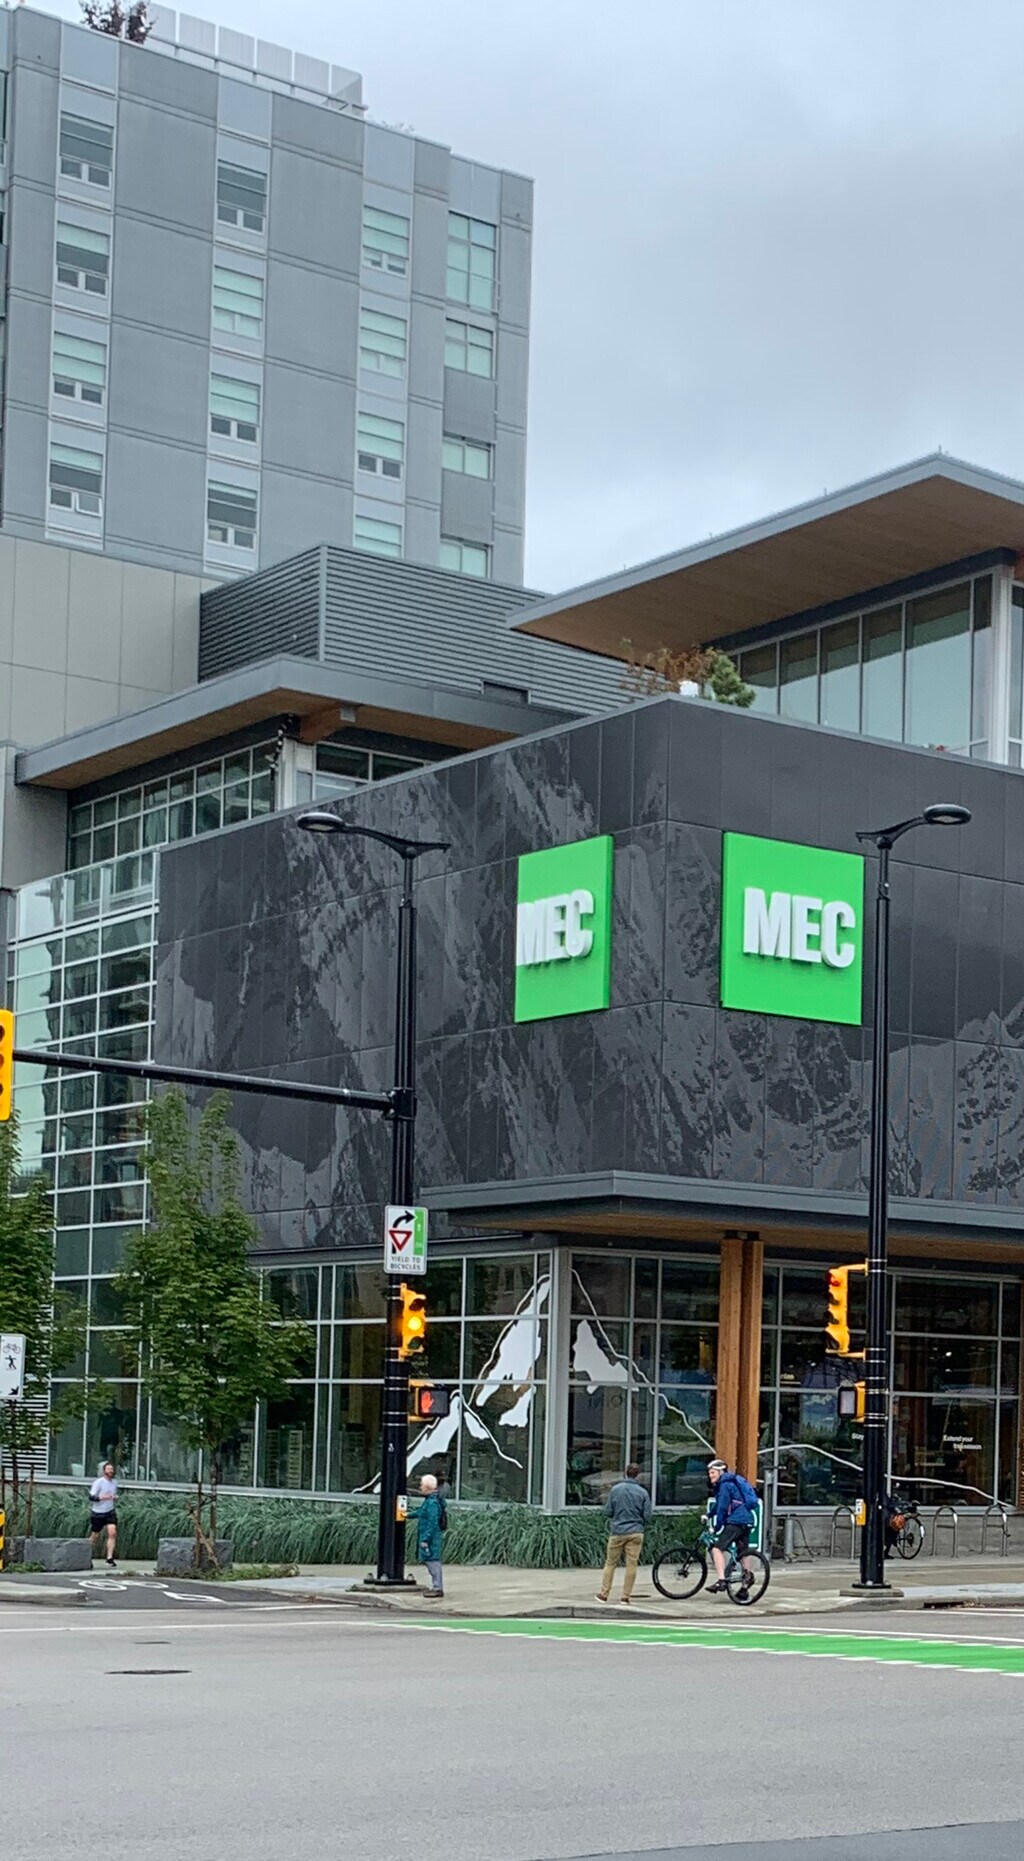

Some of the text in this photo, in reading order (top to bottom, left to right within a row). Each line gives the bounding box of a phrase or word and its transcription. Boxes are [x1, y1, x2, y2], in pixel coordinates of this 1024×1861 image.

[516, 889, 594, 967] MEC
[743, 887, 856, 968] MEC
[390, 1263, 421, 1271] BICYCLES
[391, 1255, 409, 1263] YIELD

________________

▸ Task objective:
Could the data above be repeated exactly, with every picture dropped?

▸ Solution to this exercise:
Some of the text in this photo, in reading order (top to bottom, left to right within a row). Each line gives the bounding box of a phrase or word and its transcription. Boxes are [x1, y1, x2, y2], in pixel coordinates of this 1024×1861 image.

[516, 889, 594, 967] MEC
[743, 887, 856, 968] MEC
[390, 1263, 421, 1271] BICYCLES
[391, 1255, 409, 1263] YIELD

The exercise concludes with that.